Here are some speculative remarks to illustrate the development of my thinking about genius:
Genius is the high end of the dimension of creativity.
Creativity in turn is the outward expression (effect, result, projection) of awareness. Awareness is what the creative individual experiences inside one's mind ("the experience of experience itself", as I have called it before; the being aware of the fact that one or anything exists), while creativity is what others perceive when observing that individual. Awareness and creativity are the inner and outer aspects of the same thing. One's creativity is a measure of one's awareness. A non-creative person is not aware; A genius is the most aware of all.
Awareness is related to creativity not just as in making a painting or writing a novel, but also as in my philosophical hypothesis "Only what can be verified by aware beings exists". Awareness is thus responsible for the creation of existence itself. Without aware beings, nothing would exist.
The components of creativity (and therefore of awareness and of genius) are intelligence, conscientiousness and associative horizon.
Conscientiousness is the only aspect of creativity that can be improved significantly, permanently, safely and purposely in an adult. This is probably so because conscientiousness is not a unitary trait, but comprises various traits, some of which are independent, and not per se correlated with each of the other traits that make up conscientiousness. Conscientiousness is a kaleidoscope of good features, and it is possible to possess different combinations thereof, and to gain or lose some of them without affecting the rest.
Associative horizon can probably not be safely improved much; Hallucinogenic drugs widen it, but at the great risk of psychosis, which causes permanent damage to the mind and brain. Perhaps studying the work of geniuses or doing exercises in "lateral thinking" may improve one's associative horizon a bit, but one must ask if the result is worth the effort, and realize that much more creativity can be gained by improving conscientiousness. Associative horizon is the "spark", it is Edison's "2% inspiration", as opposed to the "98% transpiration". There is a tendency among people fascinated by genius to focus on the 2% and neglect the 98%, the hard work that comes after the "spark". A tendency to confuse creativity with associative horizon. This is the phenomenon of "wanting a champagne taste on a beer budget"; The attraction of being creative in a flash of insight, without needing to do the hard work.
There is a critical tension between the three components of creativity; each, when exceeding a certain threshold, can bring down the whole, destroying creativity.
Associative horizon, when exceeding a threshold, leads to psychosis and thus destroys creativity. This has been pointed out by Hans Eysenck and others. For genius, one needs to be close to that threshold.
Conscientiousness, when exceeding a threshold, leads to obsessions and compulsions (which in turn cause anxiety and depression) and thus destroys creativity (through neurosis rather than psychosis), be it less drastically. This is part of regular psychiatric knowledge.
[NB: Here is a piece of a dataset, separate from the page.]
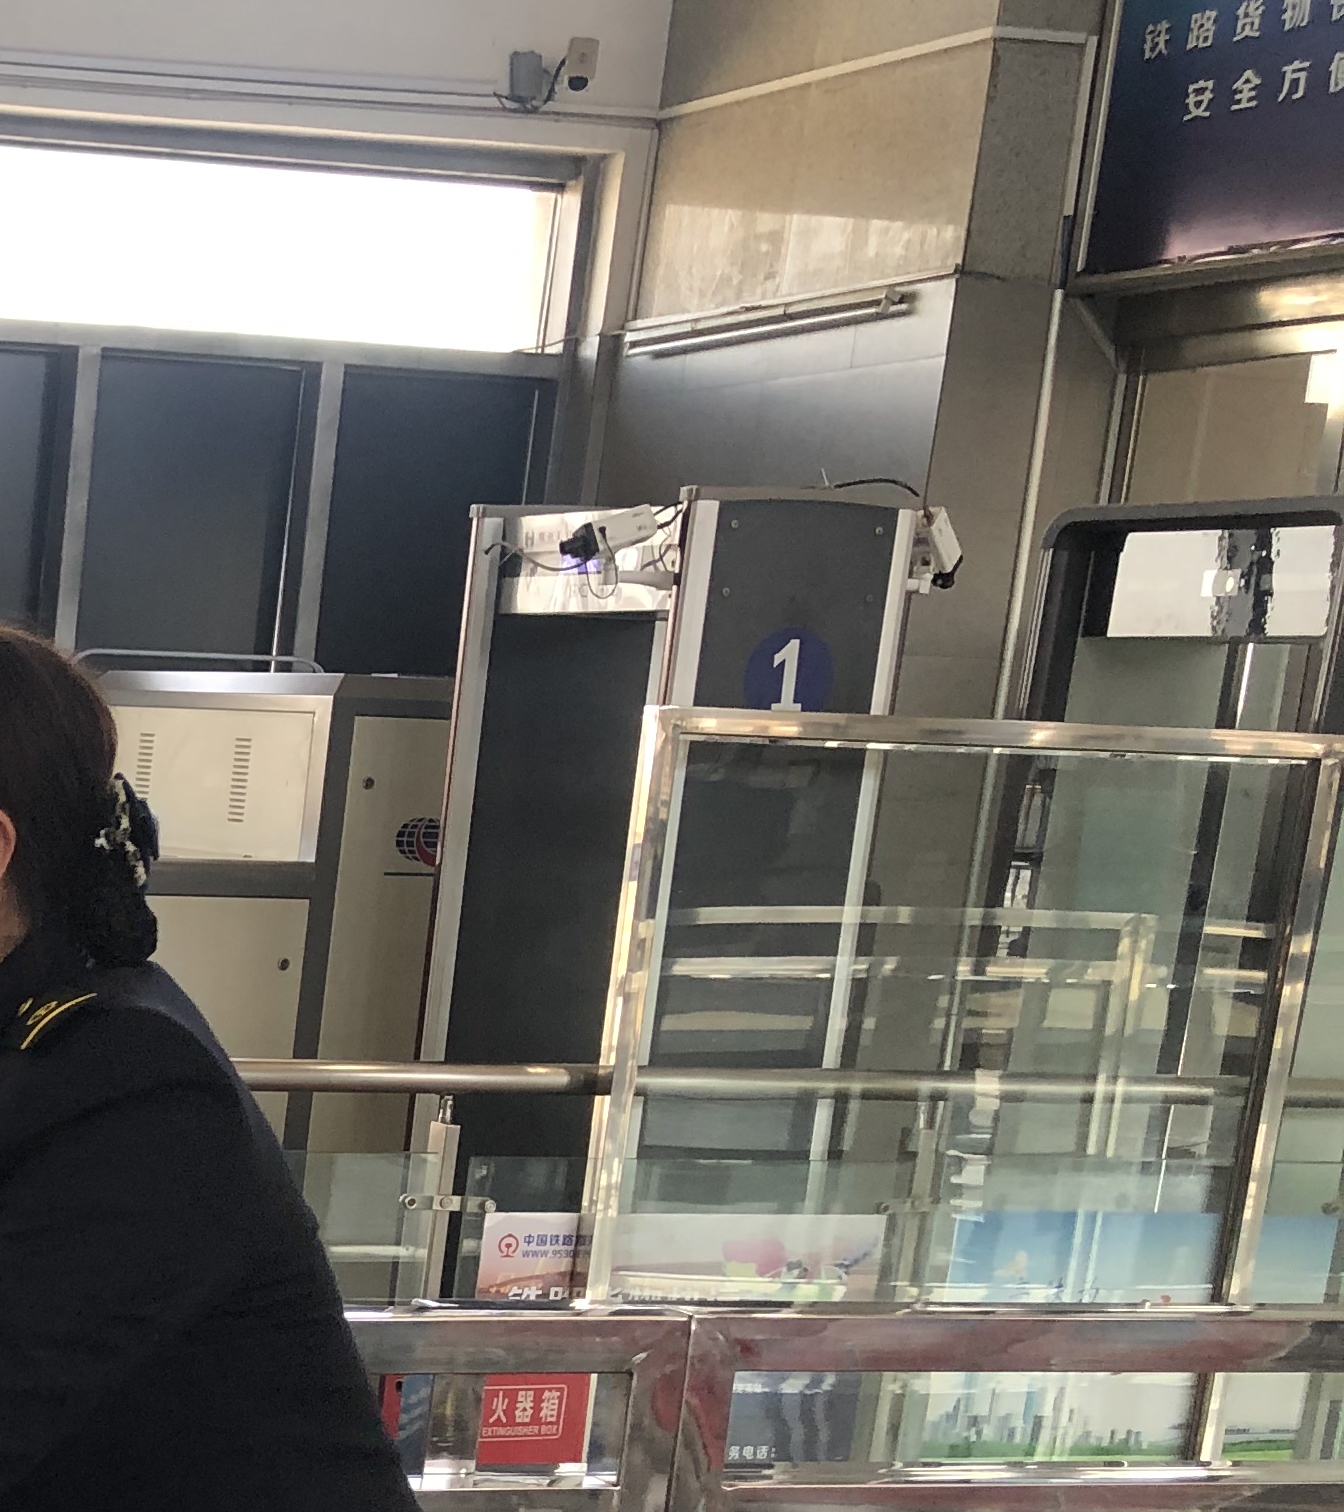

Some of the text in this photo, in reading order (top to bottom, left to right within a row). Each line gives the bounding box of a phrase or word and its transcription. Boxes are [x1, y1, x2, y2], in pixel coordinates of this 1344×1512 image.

For genius, one needs to be close to that threshold.
Intelligence, when reaching the very highest altitudes, somehow reduces the frequency of genius; It has been pointed out that geniuses tend to have high, but not the highest intelligence; that those with the very highest I.Q.s are typically not geniuses. I do not know the precise mechanism yet, but relevant is my own finding that, in the high range, there is a significant negative correlation between I.Q. and 1) psychiatric disorders in oneself; 2) psychiatric disorders in one's parents and siblings (which reflect genetic disposition); 3) disposition for psychiatric disorders as measured by personality tests.
Perhaps the very highest I.Q.s tend to go with just a bit less than the needed extreme conscientiousness and associative horizon (both of which are forms of disposition for psychiatric disorders)? Perhaps those with the very highest I.Q.s are too neurologically "normal"?
This possible limiting effect of the very highest I.Q. levels is something I am not certain of yet, but the other two thresholds seem to be real.
In short, my current view on creativity (and therefore genius) could be expressed as:
I have tried to express in a mathematical model how the three aspects work together to produce creativity, but to date have no satisfactory version of such. What I do suspect now is that the amounts of conscientiousness and associative horizon required vary with intelligence; that higher intelligence levels need, and can tolerate, higher amounts of the other two aspects to result in creativity.
I imagine that for each intelligence level there is a certain minimum and and a certain maximum amount of conscientiousness, and a certain minimum and and a certain maximum amount of associative horizon, above and below which there is no creativity. Both of the aspects have to be within these limits, and there may be a single optimum between those limits that is required for genius. The limits and optimum as it were shift upward with intelligence, are relative to intelligence.
Recently I have become somewhat pessimistic about the possibility of expressing associative horizon and conscientiousness each on a scale similar to intelligence and combining them mathematically to obtain a measure of creativity. Instead I have been thinking of combining the three aspects at or under the level of test items, so that the test's raw score will directly reflect creativity. This was actually what I attempted with some of my very first tests, but I concluded later that those tests were measuring mainly intelligence and probably not to a great extent creativity. It may be a future challenge to design problems or tasks that truly require creativity as I define it. Meanwhile, the report Your profile based on Cooijmans tests may help to get insight into one's profile over components of creativity.